Gig Work is Booming, But Are You Covered?

25 Jun 2024

The gig economy is booming, and it's easy to see why. Flexible hours, being your own boss, and working from anywhere sounds pretty great, right? But before you dive headfirst into the world of gig work, there are some important things you need to know.


One of the most significant issues facing gig workers is misclassification. In a nutshell, this means companies label workers as "independent contractors" when they should legally be considered employees. Why does this matter? Because it means companies can dodge their responsibility to provide benefits like health insurance, paid time off, and overtime pay. It also means they're not contributing to your Social Security or Medicare, leaving you to foot the bill come tax time.

Recent data from the Bureau of Labor Statistics reveals that a staggering 10.3% of U.S. workers engage in some form of gig work. While this number is impressive, it also highlights the vast number of individuals who may be vulnerable to misclassification and the lack of protections that come with it.

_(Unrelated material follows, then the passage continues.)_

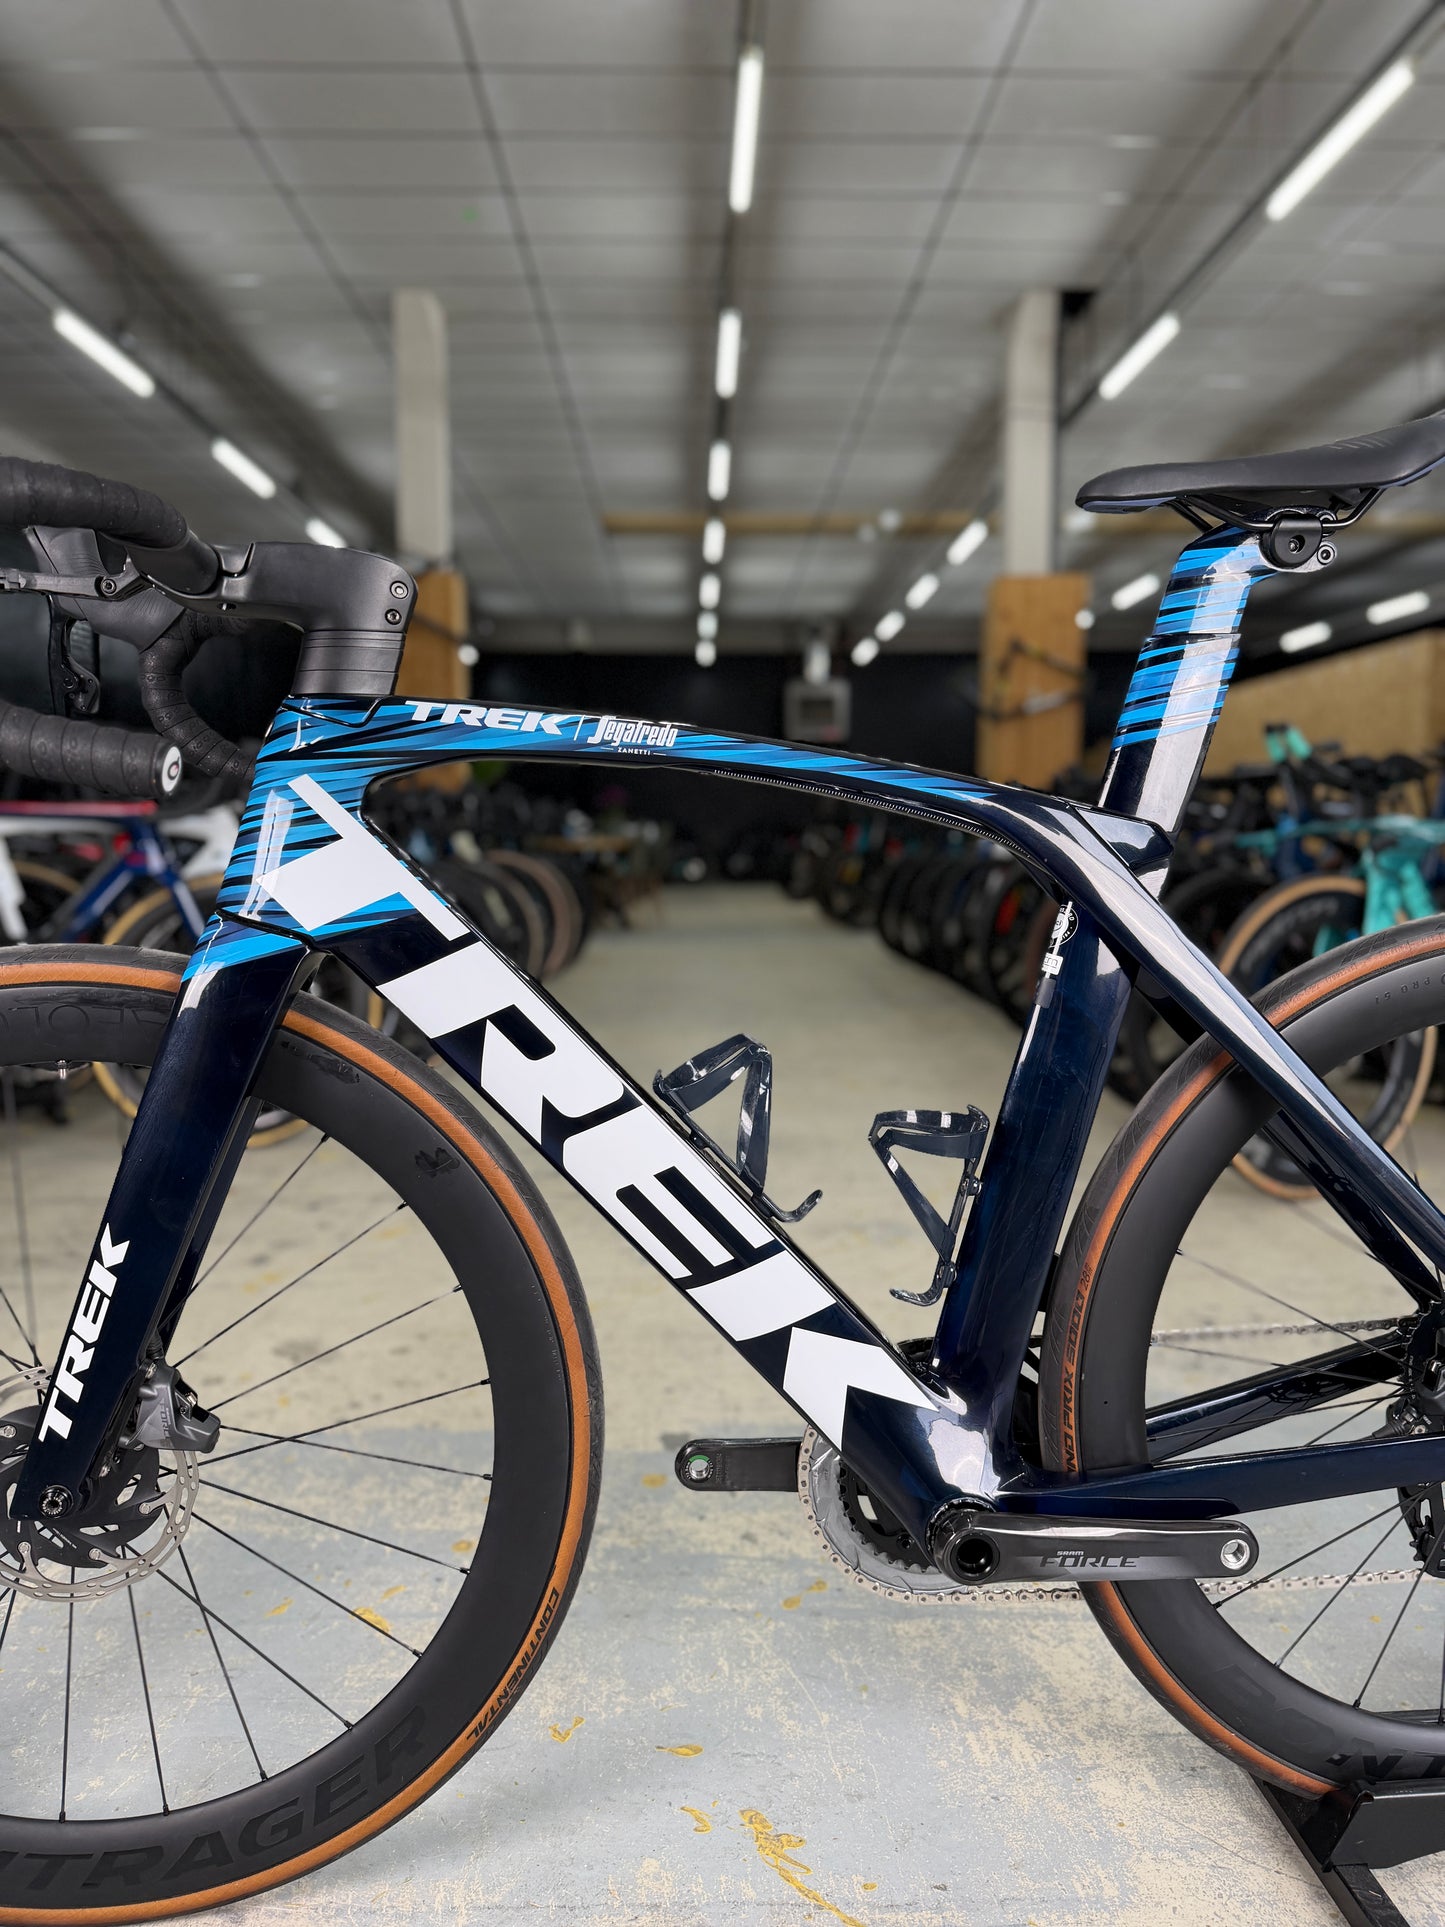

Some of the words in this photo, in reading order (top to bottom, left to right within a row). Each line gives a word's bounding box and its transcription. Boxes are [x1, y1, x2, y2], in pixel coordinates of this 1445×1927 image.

Take the example of rideshare drivers. While they enjoy the flexibility of setting their own hours, they often lack basic worker protections. If a driver gets into an accident, they're often left to cover their own medical expenses and may even be deactivated from the platform, losing their income source. Similarly, delivery drivers who work for food delivery apps often face grueling hours, low pay, and little recourse if they're injured on the job.

Insurance coverage & Contracts

Another major concern for gig workers is the lack of insurance coverage. Most gig platforms don't offer health insurance, disability insurance, or workers' compensation. This means if you get sick or injured, you're on your own to cover the costs. A recent study by the Freelancers Union found that Access to affordable healthcare is the #1 concern for freelancers\gig workers.

Contracts can also be a major issue. Those lengthy agreements are often full of legal jargon and may not be in your best interest. It's important to read everything carefully and understand what you're agreeing to before you sign on the dotted line.

So, what can you do to protect yourself?

First, know your rights. Research the labor laws in your area and make sure you understand the difference between an employee and an independent contractor. If you think you've been misclassified, don't be afraid to speak up or seek legal advice.

Next, get your financial ducks in a row. Keep track of your income and expenses, and consider talking to a tax professional to make sure you're on the right track. It's also a good idea to explore options for affordable health insurance and other types of coverage.

If you're looking for a more secure gig work experience, consider working with companies that partner with an Employer of Record (EOR). An EOR can act as your legal employer, taking care of things like payroll, taxes, and benefits while you still enjoy the flexibility of gig work.

Finally, don't be afraid to ask questions and negotiate for better terms. If something in a contract doesn't seem right, speak up and ask for clarification. You can also connect with other gig workers in your field to share experiences and resources.

The gig economy can be a great way to make a living, but it's important to go in with your eyes open. By understanding the risks and taking steps to protect yourself, you can enjoy the flexibility and freedom of gig work while safeguarding your financial future.